You describe a “way of life, a culture, a language and cuisine that critics describe as xenophobic”. My local cinema in a small town is showing 13 films this week, of which five are in their original language with subtitles: three American films plus one Belgian and one Palestinian. English words pepper French daily discourse. I’m going to see a French Top 14 rugby match on Saturday in which both teams will have a mix of national and international players.
You highlight “the resistance to supermarket bread and McDonald’s”. Supermarkets have sold sliced bread for ages: ours even have a machine for slicing up more traditional bread (French compromise: they’re as adept at it as we are). France is McDo’s largest European market, we even have one here. As to the “sclerotic labour market”, another old favourite, French labour productivity is higher than Britain’s.
Hollande is vastly unpopular, but little more so than Sarkozy was latterly. But the predominantly right-wing media on both sides of the Channel are becoming hysterical in their criticism of him, while pandering to the agenda of the extreme right.
How many more drone strikes?
In 2006 a US drone killed 85 teenage boys in Bajaur close to the Pakistan/Afghan border. My students in Peshawar told me this at the time, and the strike has been independently confirmed by the Bureau of Investigative Journalism. And yet this has still not been admitted by the USA. So how many more drone strikes have there been in these borderlands than the ones you list in your poignant article of 30 October?
Dr David L Gosling
(Former principal of Edwardes College, Peshawar)

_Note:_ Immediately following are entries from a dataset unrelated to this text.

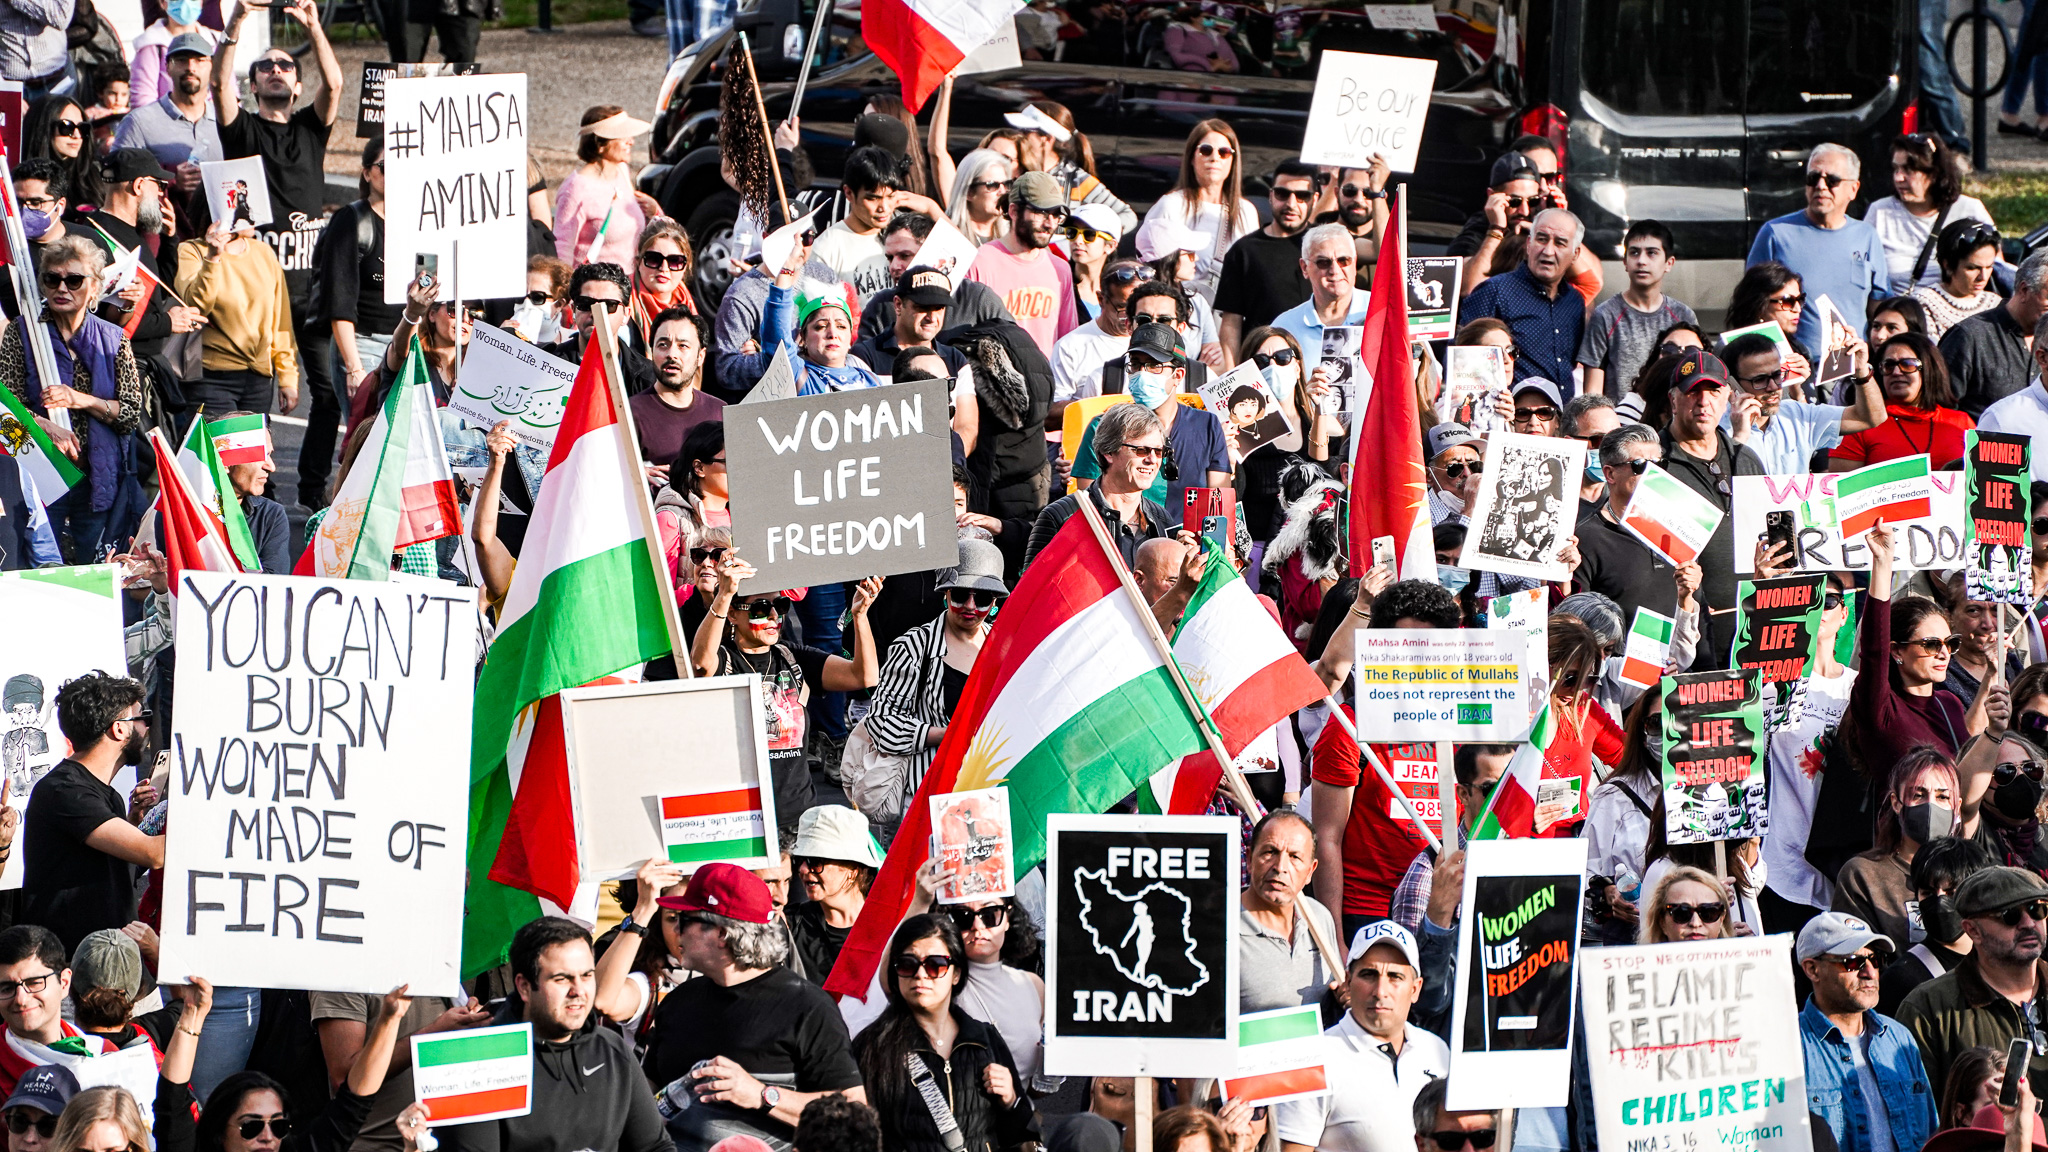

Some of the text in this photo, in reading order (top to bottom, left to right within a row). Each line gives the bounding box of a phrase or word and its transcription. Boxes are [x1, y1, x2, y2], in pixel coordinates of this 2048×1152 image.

[365, 68, 397, 81] STAND
[1337, 77, 1368, 116] Be
[389, 91, 522, 159] #MAHSA
[1344, 123, 1407, 149] voice
[419, 169, 515, 231] AMINI
[474, 328, 577, 383] Woman. Life. Freed
[1207, 375, 1236, 395] WOMAN
[1216, 385, 1233, 399] LIFE
[450, 401, 477, 418] Justice
[757, 393, 923, 455] WOMAN
[1979, 440, 2022, 465] WOMEN
[794, 456, 881, 506] LIFE
[1891, 488, 1930, 500] Freedom
[1985, 481, 2014, 510] LIFE
[767, 512, 926, 564] FREEDOM
[1974, 518, 2025, 548] FREEDOM
[1756, 585, 1812, 609] WOMEN
[184, 576, 470, 681] YOU CAN'T
[1508, 619, 1526, 629] STAND
[1759, 623, 1798, 651] LIFE
[1368, 638, 1400, 647] Mahsa
[1402, 638, 1430, 647] Amini
[1361, 653, 1379, 662] Nika
[1443, 653, 1460, 663] only
[1463, 653, 1473, 661] 18
[1475, 654, 1497, 663] years
[1499, 653, 1513, 662] old
[1365, 669, 1519, 682] The Republic of Mullahs
[1369, 688, 1515, 702] does not represent the
[1678, 679, 1745, 706] WOMEN
[247, 674, 394, 751] BURN
[1393, 708, 1492, 723] people of IRAN
[1692, 719, 1735, 749] LIFE
[175, 733, 346, 802] WOMEN
[1675, 755, 1752, 787] FREEDOM
[225, 806, 446, 870] MADE OF
[665, 819, 706, 830] Freedom
[1108, 847, 1210, 879] FREE
[187, 869, 365, 945] FIRE
[1483, 884, 1555, 941] WOMEN
[1363, 923, 1408, 945] USA
[1485, 936, 1522, 970] LIFE
[1603, 948, 1772, 970] STOP NEGOTIATING WITH
[1487, 940, 1569, 997] FREEDOM
[1607, 962, 1756, 1014] ISLAMIC
[1073, 990, 1172, 1023] IRAN
[1609, 1006, 1741, 1053] REGIME
[1657, 1040, 1761, 1082] KILLS
[24, 1082, 56, 1092] HEARST
[487, 1074, 528, 1086] Freedom
[1622, 1077, 1786, 1126] CHILDREN
[1682, 1131, 1697, 1146] 16
[1717, 1124, 1783, 1146] Woman

Rather than HS2 bringing London’s “prosperity” to Yorkshire (Jane Merrick, 30 October), we might debate what Yorkshire offers to London (apart from myself!). Yorkshire has a natural boom – dales, wolds, rivers, coast, hills – which feels completely different to the hectic economic well-being of the South-east. There is also still a mutuality which is beyond price. Let’s appreciate the differences, and accept London might learn from Yorkshire. That’s not to classify either as bad or good.
Avoiding the issue
At last a letter about tax avoidance that hits the mark (John Seymour, 30 October). Tax avoidance is perfectly legal, whether it be by individuals, small companies or multinational concerns. If the politicians don’t like what is happening, then they should stop the posturing and change the laws. Put up or shut up.
I see that the magnificent Roman eagle unearthed in the City of London (report, 30 October) belonged to a prosperous and important early Londoner. I wonder what sculptures future archaeologists would find that represented the power of the present wealthy City elite? Perhaps a statue of a fat cat smoking a cigar?
Peter Whitehead (letter, 28 October) quotes a newspaper letters editor who does his best “to keep errors of fact off the letters page”. Please don’t say you will be adopting this policy. I would miss the Independent letters page.